(The 2022 Slamdance Film Festival ran January 27-February 6, all virtually. Check out Chris Reed’s movie review of Forget Me Not. Like what you see here on Hammer to Nail? Why not pay just $1.00 per month via Patreon to help keep us going?)
“Inclusion” is a word with many meanings and uses in our 21st century. A college professor such as I encounters it mostly in the context of DE&I (diversity, equity, and inclusion) initiatives that center around a push to make not only faculty and student bodies reflect greater representation across gender, racial and ethnic lines, but also to broaden the curriculum to encompass the full range of human experience and give voice to traditionally marginalized peoples. And though the focus has lately been more on race, those with disabilities, mental and physical, should certainly be a part of that ongoing discussion, as well.
In his new documentary, Forget Me Not, director Olivier Bernier (The Sunset Sky) trains his lens on children with Down syndrome and their parents’ efforts to prevent them from being segregated in special-education classes. Staying primarily, if not exclusively, in the New York metropolitan area, Bernier follows his subjects as they challenge a system designed to push any and all difference to the side, where it can be more easily managed (as administrators may see it). The thought is that not only would it be harmful to the affected children, but also to those without their condition. According to actual scientific research, however, nothing could be further from the truth. And given that this inspiring movie was made with the help of a vast array of folks with intellectual disabilities (as the end credits display), inclusion clearly can work.
First, we start with the worst-case scenario of what mainstream society can do to those it deems less than normal. Bernier begins the movie with footage from Letchworth Village, a now-abandoned residential facility for the disabled in New York’s Rockland County. From those unpleasant images (to which he will return, in greater detail, later), he jumps to his own wife, Hilda, pregnant with, then giving birth to, their son Emilio. The OBGYN doctor informs them right away that their baby has Down syndrome. And then, in a montage of quotidian events throughout Emilio’s first year, we see his growth and the love they have for him.
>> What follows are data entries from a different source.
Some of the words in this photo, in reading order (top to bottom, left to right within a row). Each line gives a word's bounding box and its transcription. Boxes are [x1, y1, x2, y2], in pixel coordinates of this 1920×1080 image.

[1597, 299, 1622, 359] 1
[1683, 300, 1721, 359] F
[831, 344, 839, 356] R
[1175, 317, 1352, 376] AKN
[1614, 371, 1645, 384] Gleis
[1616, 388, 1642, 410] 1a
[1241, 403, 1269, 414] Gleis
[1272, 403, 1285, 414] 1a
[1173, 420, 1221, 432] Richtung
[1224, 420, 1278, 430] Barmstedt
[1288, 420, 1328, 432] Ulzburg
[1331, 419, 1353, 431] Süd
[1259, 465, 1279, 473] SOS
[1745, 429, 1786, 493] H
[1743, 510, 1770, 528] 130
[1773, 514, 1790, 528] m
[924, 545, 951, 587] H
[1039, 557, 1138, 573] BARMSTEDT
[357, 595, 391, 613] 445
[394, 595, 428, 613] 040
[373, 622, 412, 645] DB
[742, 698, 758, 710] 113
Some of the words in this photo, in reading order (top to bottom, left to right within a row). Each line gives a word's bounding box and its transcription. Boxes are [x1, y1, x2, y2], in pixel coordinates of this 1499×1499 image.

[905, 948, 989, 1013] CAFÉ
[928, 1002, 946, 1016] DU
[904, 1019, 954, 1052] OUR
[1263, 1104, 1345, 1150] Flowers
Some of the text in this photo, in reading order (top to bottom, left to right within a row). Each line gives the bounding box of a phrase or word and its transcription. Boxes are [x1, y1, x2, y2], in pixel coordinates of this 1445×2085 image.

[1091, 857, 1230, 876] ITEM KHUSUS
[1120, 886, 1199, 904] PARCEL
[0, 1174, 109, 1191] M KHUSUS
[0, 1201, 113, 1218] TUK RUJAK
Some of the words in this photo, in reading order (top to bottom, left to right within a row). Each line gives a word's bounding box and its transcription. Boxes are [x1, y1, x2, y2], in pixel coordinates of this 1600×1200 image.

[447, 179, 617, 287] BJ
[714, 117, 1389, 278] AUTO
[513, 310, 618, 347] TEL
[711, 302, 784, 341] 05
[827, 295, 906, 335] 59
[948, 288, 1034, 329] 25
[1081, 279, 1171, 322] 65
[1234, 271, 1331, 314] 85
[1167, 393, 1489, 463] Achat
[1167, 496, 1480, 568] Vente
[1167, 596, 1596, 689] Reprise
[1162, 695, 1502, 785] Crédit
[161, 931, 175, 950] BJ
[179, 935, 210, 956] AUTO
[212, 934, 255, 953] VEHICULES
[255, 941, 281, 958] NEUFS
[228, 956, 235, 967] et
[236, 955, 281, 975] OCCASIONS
Hilda, herself, is a former New York City special-ed teacher, but there’s nothing like having the reality of disability and how others view it brought home to you via your own child. Plus, she knows first-hand how impossible it can be to leave the segregated classroom once firmly established within it. As Emilio approaches 3, the family prepares to make the case for his inclusion in a regular school space. Apparently, there is some legal recourse to ensure that happens, but there is equal opportunity for the school system to prevent it.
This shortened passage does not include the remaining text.